Frequently Asked Questions
This is my first time submitting a HREA where do I start?
You can find general information about submitting to an ethics committee here. Once you have familiarised yourself with that, you can find more guidance below and instructions on how to submit your project in our submission checklists.
I have a low risk study that I want to have reviewed what do I need to do?
The HREC Chairperson must first confirm that it is appropriate for review as a low risk study. Please submit a Protocol/Study Outline or completed HREA to the research office e-mail SVHS.Reserach@svha.org.au . You will be informed of the Chairperson’s decision as soon as possible.
When do the HREC Executive meetings take place?
Dates for HREC Executive meetings are not published, however they take place approximately every 2 weeks. For your submission to be reviewed at a given meeting, both the hard copy (with original wet ink signatures) and electronic copy submission must reach the Research Office, Translational Research Centre by 5 p.m. on the Thursday before the meeting.
I would like to submit a study for full HREC review how do I do this?
Read the submitting for ethics review instructions on our website making sure to read the Full HREC submission checklist.
When do the Full HREC meetings take place?
The meeting and submission deadline dates are available here.
I am Head of Department and also an investigator on a study can I sign as Head of Department?
No, where an investigator for the study is also the Head of Department, certification must be sought from the person to whom the Head of Department is responsible. Investigators must not approve their own research on behalf of the department.
I am a St Vincent’s Hospital staff member and also studying for my PhD, can I be named as Principal Investigator on the HREA?
Yes, students who are St Vincent’s Hospital staff members can be named as Principal Investigator for as long as their employment contract remains in place.

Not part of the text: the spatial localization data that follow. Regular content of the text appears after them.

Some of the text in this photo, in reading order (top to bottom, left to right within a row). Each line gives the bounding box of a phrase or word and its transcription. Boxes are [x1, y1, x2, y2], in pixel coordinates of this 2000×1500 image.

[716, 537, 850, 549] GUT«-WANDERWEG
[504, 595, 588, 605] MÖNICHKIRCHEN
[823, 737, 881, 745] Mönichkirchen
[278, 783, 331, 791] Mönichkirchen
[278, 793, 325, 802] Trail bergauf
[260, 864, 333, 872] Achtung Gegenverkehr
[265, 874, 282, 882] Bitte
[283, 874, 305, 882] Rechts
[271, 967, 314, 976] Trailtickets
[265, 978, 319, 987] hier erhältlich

What is the difference between Co-ordinating Investigator and Principal Investigator?
The Co-ordinating Investigator is the individual who takes overall responsibility for the research project. They are responsible for ongoing communication with the HREC and passing on any outcomes from this to the Principal Investigators. For single centre research, Co-ordinating Investigator and Principal Investigator are synonymous.

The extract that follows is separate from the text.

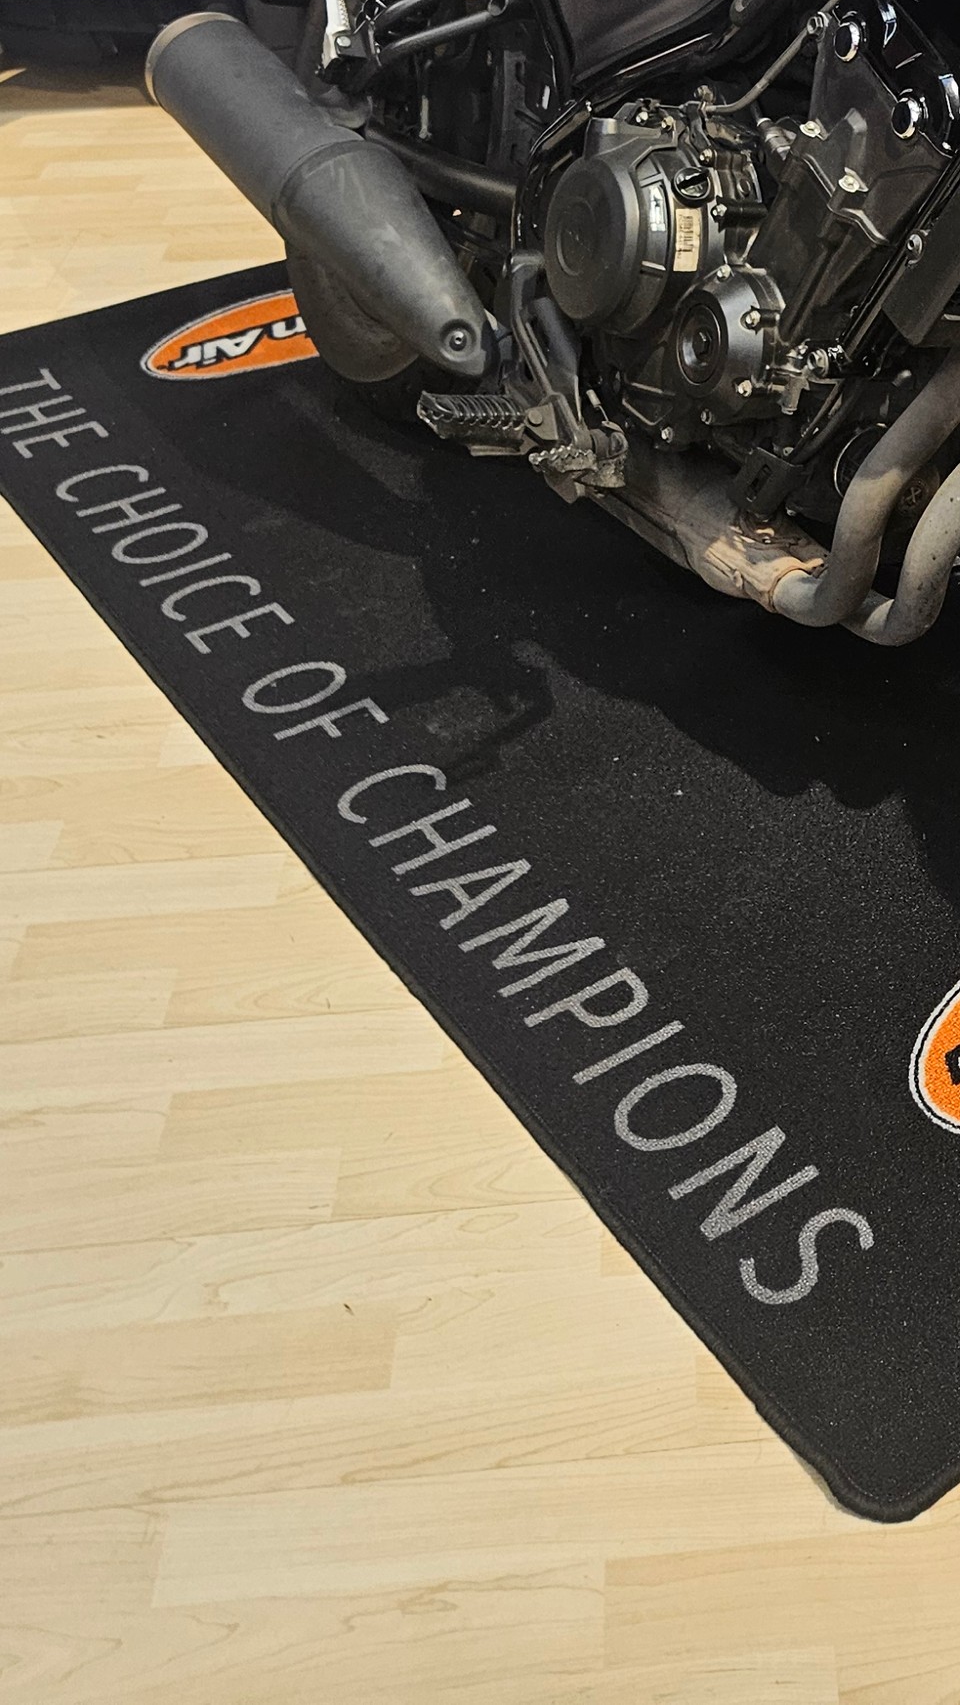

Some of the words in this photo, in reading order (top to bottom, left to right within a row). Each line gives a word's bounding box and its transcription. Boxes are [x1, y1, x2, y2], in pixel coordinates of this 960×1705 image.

[0, 367, 109, 460] THE
[55, 463, 295, 655] CHOICE
[241, 660, 390, 741] OF
[336, 763, 876, 1305] CHAMPIONS

Do you have a Protocol template I can use?
Yes we have developed a Protocol template and recommend it is used for investigator initiated research submitted to our office. It has helpful guidance on what information to include in relation to recruitment and consent, investigational plan, tissue collection and data confidentiality. The Protocol templates can be accessed here. Please use this rather than the template available through HREA.
How do I remove the draft watermark from the HREA form?
In order to remove the draft watermark from the form, you must first ‘lock’ it. Details on how to do this are available here.
Are electronic signatures accepted?
Yes, scanned original signatures are acceptable.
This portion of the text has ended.